A few miles west of Collinsville in St. Clair County, at the 2,200-acre Cahokia Mounds State Historic Site, is the remains of a truncated pyramid with four terraces that rose more than 100 feet, or roughly the height of a nine-story building. It is known today as Monks Mound, after the French Trappist monks who lived here in the early 1800s and whose contribution to the region’s history is otherwise negligible. At more than 14 acres the mound’s base is bigger than that of the Great Pyramid of Egypt. Radiocarbon sampling by archaeologists suggests that it took 250 years to build—not surprisingly, considering that its 22 million cubic feet of dirt was hauled in baskets borne on human backs.
About 3,000 years ago, Illinoisans began to cultivate certain plants for food. Their society’s shift from hunting and gathering wild foods to a more sedentary agricultural existence marks the beginning of what is usually (and carelessly) called civilization in the state. Cahokia was the great city of that era, its Chicago, and it sprawled over the sites of the modern communities of Mitchell, Dupo, Lebanon, East St. Louis, and St. Louis.
At its peak between A.D. 1100 and 1200, Cahokia covered nearly six square miles and was home to as many as 20,000 people. It was the largest population center with the most complex social organization yet seen in what is now the U.S. and a node on a continental trading network; archaeologist Bill Iseminger, a State of Illinois archeologist, has called the city "the Times Square of a distant American past.” While it was inhabited (from about A.D. 700 to 1400), Cahokia was the focal point of an urban complex of satellite towns and farming outposts whose urban form anticipated, on a much smaller scale, the urban mosaic of today’s Metro East that has accreted around St.

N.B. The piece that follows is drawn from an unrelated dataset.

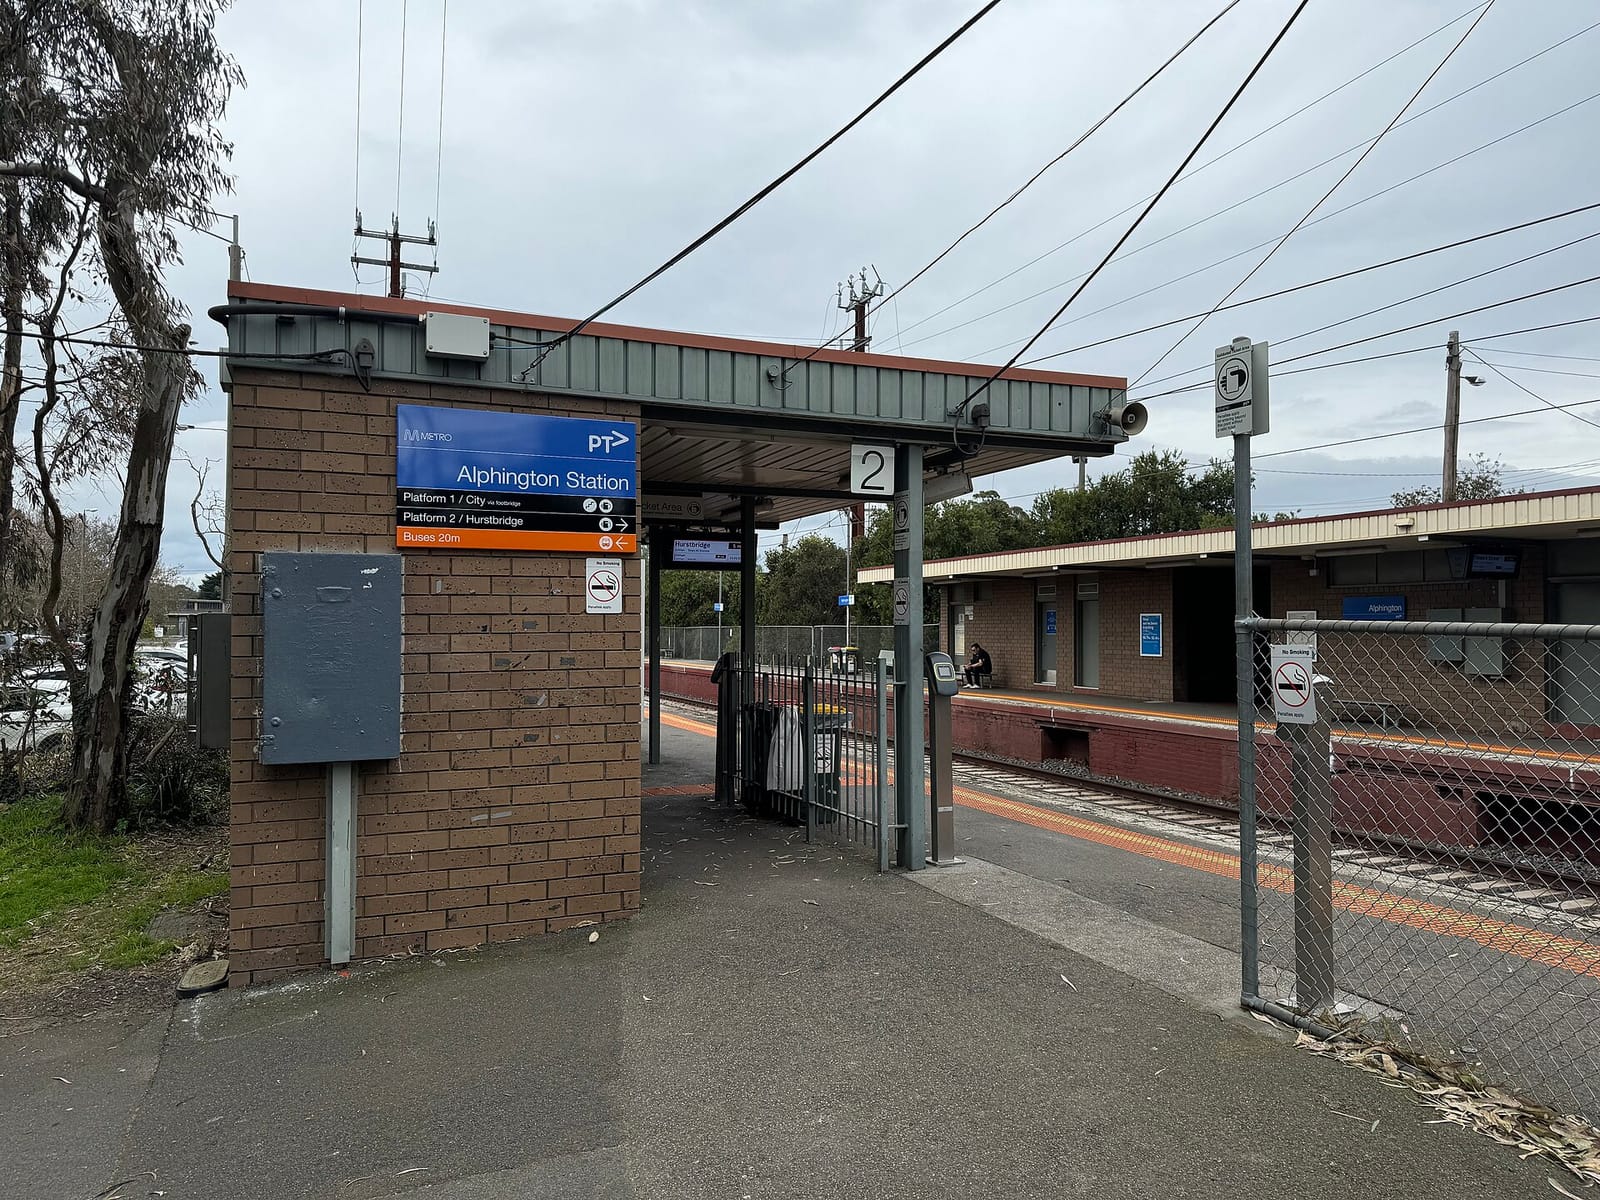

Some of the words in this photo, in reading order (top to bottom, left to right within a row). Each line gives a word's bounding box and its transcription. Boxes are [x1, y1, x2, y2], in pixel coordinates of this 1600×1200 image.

Louis.
At its peak, Cahokia must have dazzled first-time visitors the way that Chicago was to do half a millennium later. (No American city north of Mexico would surpass its peak population for 800 years.) The city center was enclosed by a stockade of upright logs perhaps 20 feet tall. In form, Cahokia was a series of neighborhoods, each with a prominent flat-topped mound on which rested the residence of an important citizen. (Sixty-eight mounds survive of the more than 120 mounds that once stood within today’s Cahokia Mounds State Historic Site.) At the north end of the biggest plaza they built the biggest mound, Monks Mound.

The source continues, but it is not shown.